System and subsystem name

Device identifier and quantifier

Signal type, instance and suffix

Device part Signal part

Table 1: Naming convention components

Naming part Description Requirements Responsible

SSSS System See [1], Section 1 TBD

BBBB Subsystem See [1], Section 2 TBD

DDDD Device identifier See [2] Controls

III Device qualifier and quantifier TBD Controls

TTT Signal type TBD Controls

III Signal instance TBD TBD

XXX Signal suffix TBD TBD

2.1. SYNTAX RULES

This section contains syntax rules that must be followed when naming according to the convention.

1. Allowed characters for names are: upper and lower case alphanumeric characters (a-z, A-Z, 0-9) and the two separator characters (-, :).

a. Avoid using the letter “O” where it can be confused with the number “0”. Avoid using the letter “l” where it can be confused with the letter “I”.

b. Avoid using the letter “I” where it can be confused with the number “1”.

2. The delimiter that separates name elements is “:” (colon). The separator that separates system / subsystem names and device qualifier / quantifier is “-” (dash). No other characters are allowed in names.

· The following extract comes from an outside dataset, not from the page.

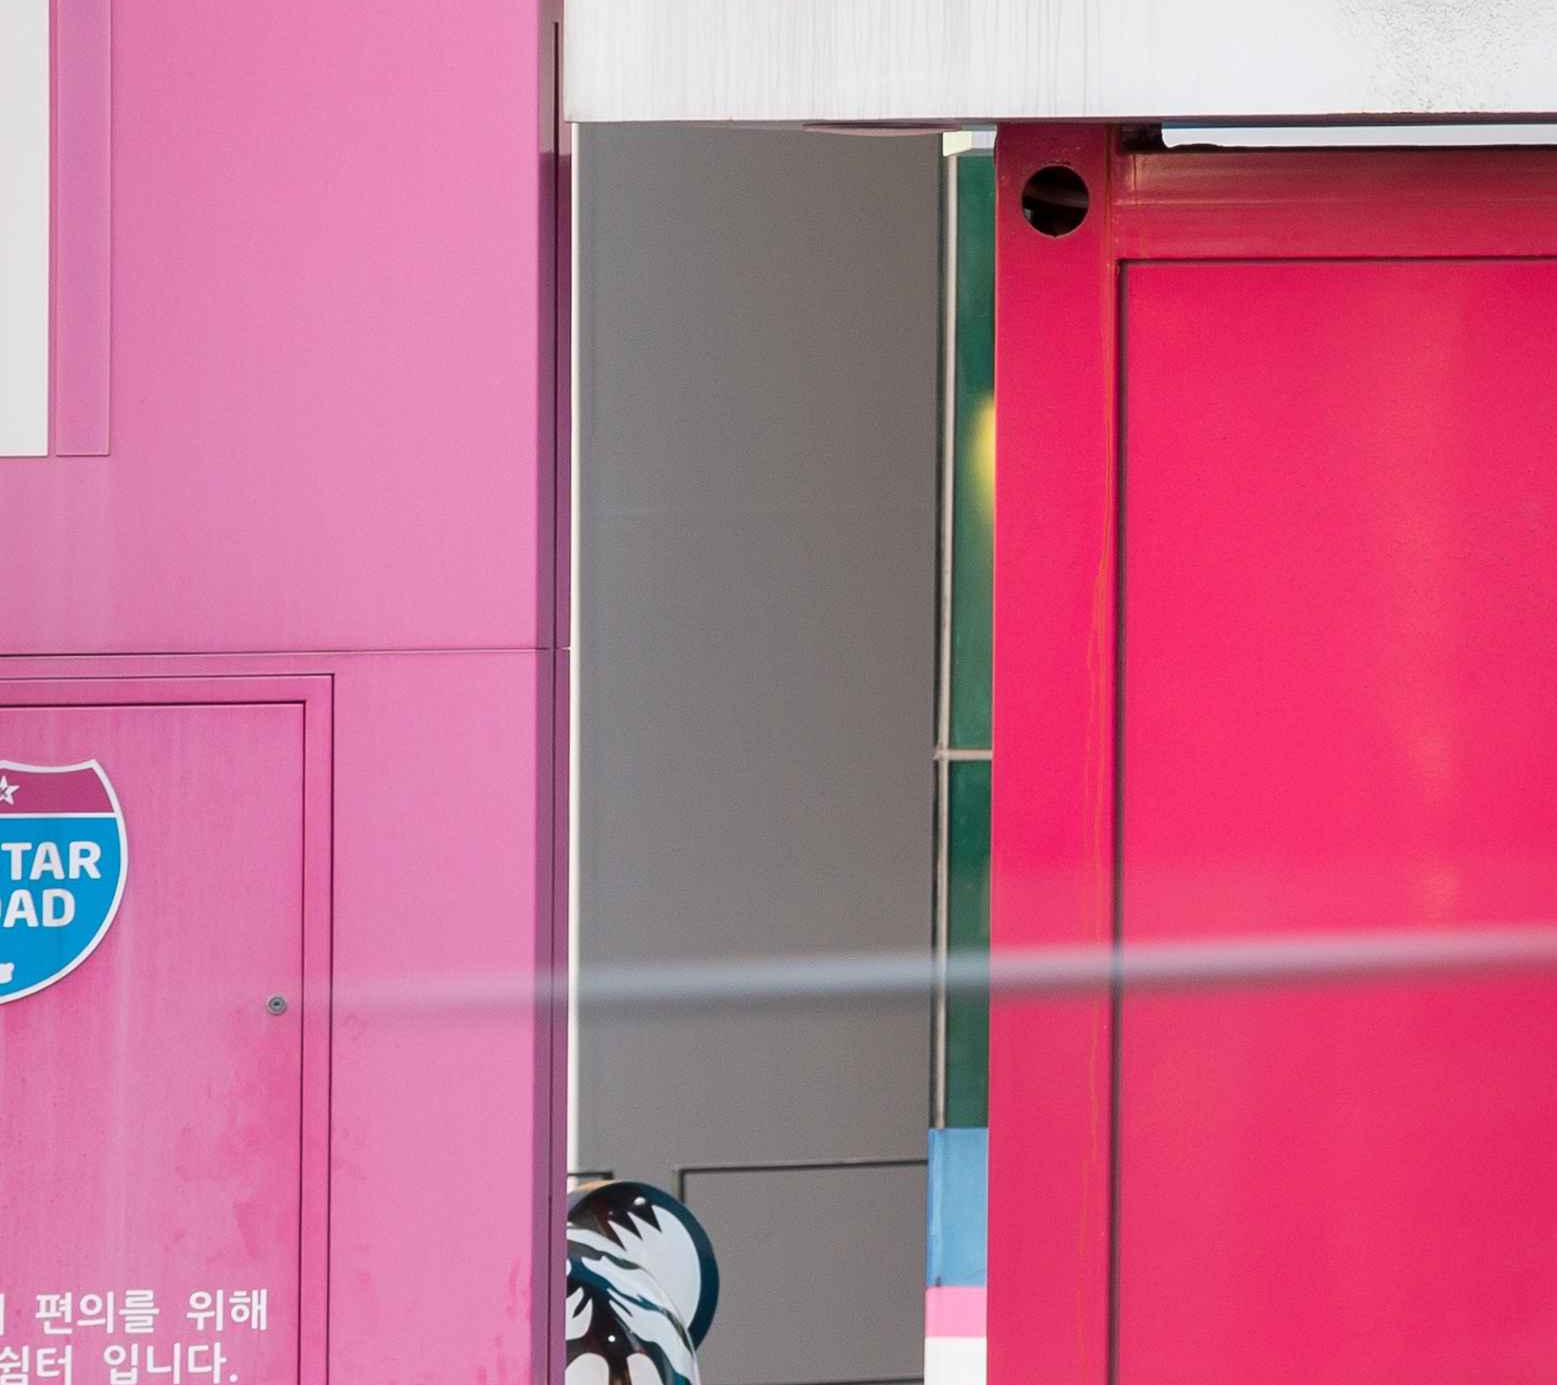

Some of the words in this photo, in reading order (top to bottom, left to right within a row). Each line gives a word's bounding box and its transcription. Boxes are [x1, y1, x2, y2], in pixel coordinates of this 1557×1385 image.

[0, 888, 76, 928] AD
[35, 1289, 161, 1336] 편의를
[186, 1288, 269, 1333] 위해

3. All three name elements are obligatory for signals. However, device names may omit the signal part when reference is only made to the device. Conventional facility designations may omit device (and signal) parts if reference is only being made to the system level (building) name and not to items or devices within the building.

2.1.1. General guidelines

Some general guidelines for names are listed below.

1. System and subsystem names are obligatory. If a need to omit any of the two elements arises think of a better segmentation for systems and devices.

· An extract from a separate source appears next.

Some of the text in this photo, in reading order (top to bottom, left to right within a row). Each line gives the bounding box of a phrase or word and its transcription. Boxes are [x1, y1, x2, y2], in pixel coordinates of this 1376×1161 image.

2. If additional segmentation of the system or subsystem is required or for better clarity, an instance number can be appended to the system and subsystem name.

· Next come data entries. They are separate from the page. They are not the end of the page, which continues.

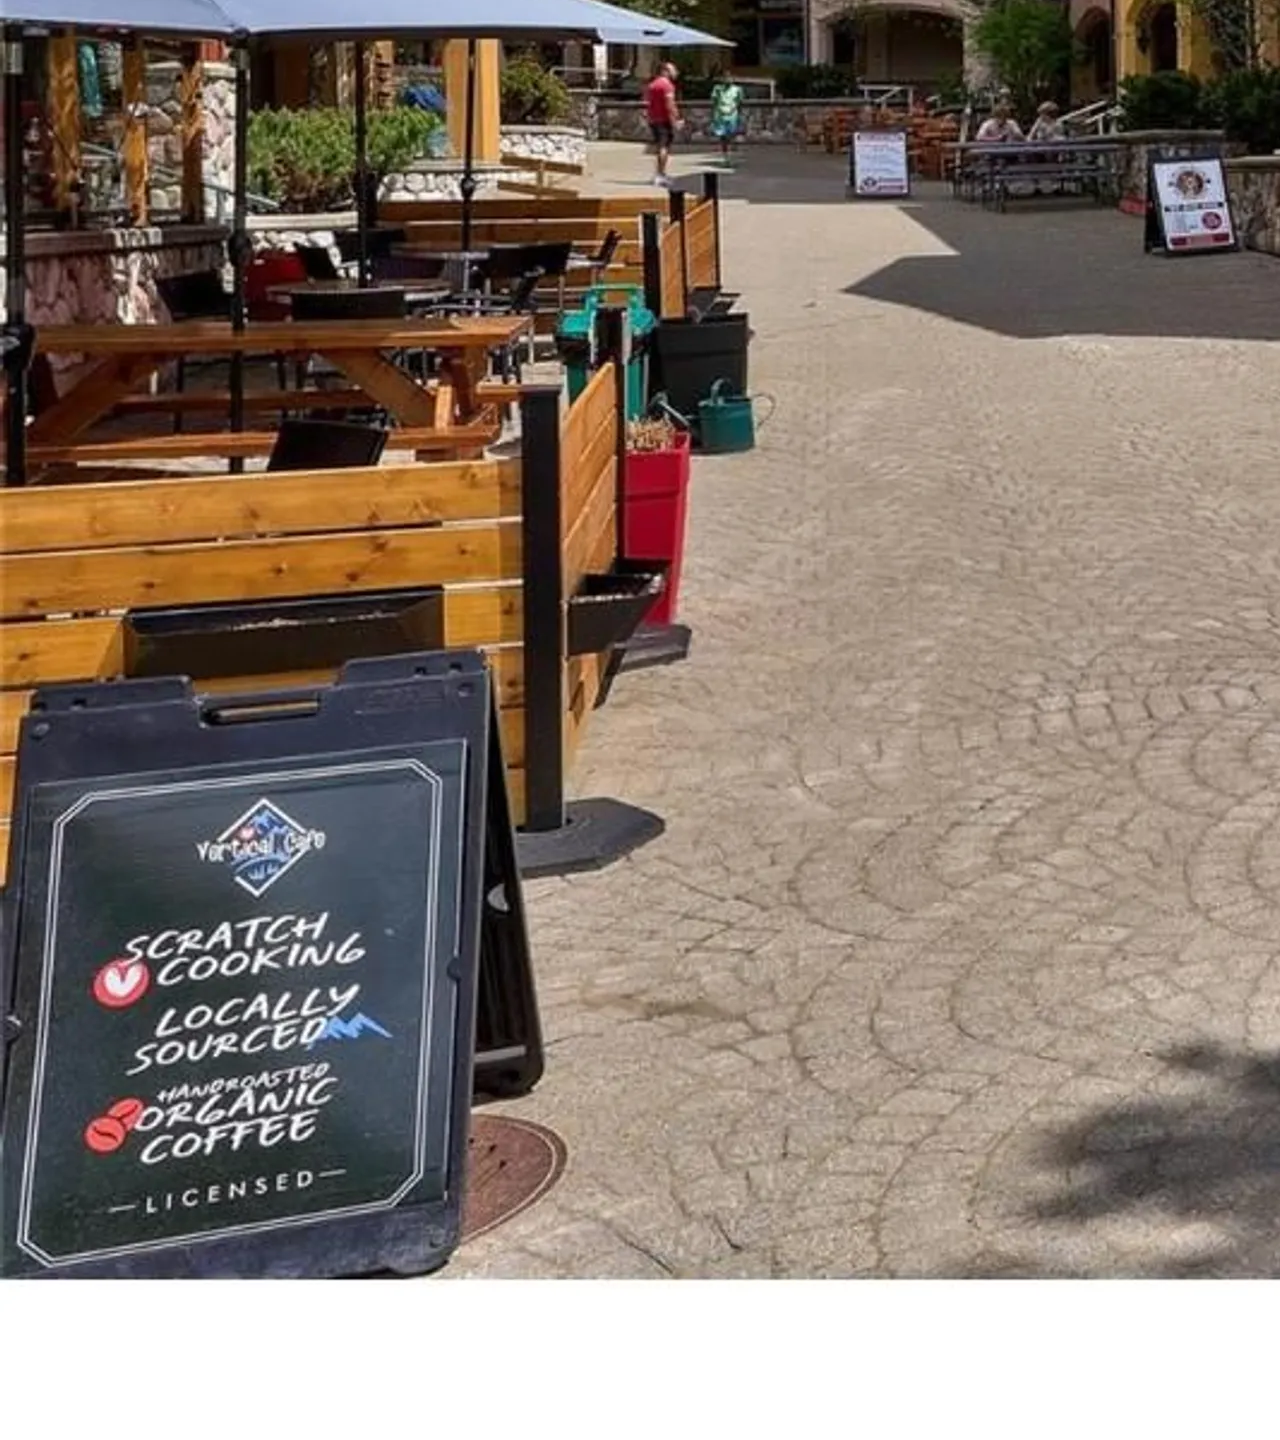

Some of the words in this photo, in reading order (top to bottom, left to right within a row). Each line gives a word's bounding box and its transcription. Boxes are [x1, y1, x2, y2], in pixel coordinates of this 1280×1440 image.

[122, 912, 329, 965] SCRATCH
[156, 933, 366, 986] COOKING
[155, 983, 360, 1038] LOCALLY
[126, 1018, 327, 1077] SOURCED
[135, 1078, 338, 1131] ORGANIC
[157, 1063, 331, 1102] HANDROASTED
[140, 1109, 320, 1164] COFFEE
[146, 1170, 314, 1214] LICENSED

3. Name elements shall be composed with suitable and logical use of lower and upper case component names.

4. Device identifiers and quantifiers are obligatory unless there is only one instance present. Before the quantifier is omitted it is recommended to analyze the risk of doing so.

5. The number of devices and the scope of the devices should define the instancing (e.g. “-001”, “-A01”, “-1”).

6. The device quantifier can also be descriptive if the scope of the devices allows (e.g. high pressure – “-HP” – instead of “-001”).

7. Signal instance can be omitted if there is only an individual signal present.

8. Vendor specific naming should be avoided; the same goes for funny, contemporary or otherwise “meaningful” names.

9. It is advised to use fixed-width fonts (e.g. Courier New) when using variable names in any documentation, examples …

2.2. TYPE REFERENCE AND ATTRIBUTES

A name is composed of a device part (SSSS-BBBB:DDDD-III) and a signal part (TTTIIIXXX). The signal part is intrinsic to the Control System. The device part, however, can be used as the general designation for any part of the ESS infrastructure whether in controls or other technical systems and conventional facilities. Since the device part is constrained by nature of being a mnemonic, various type reference and attribute information may be required to fully understand the nature of an instantiated device. We explain these in the following two sub-sections.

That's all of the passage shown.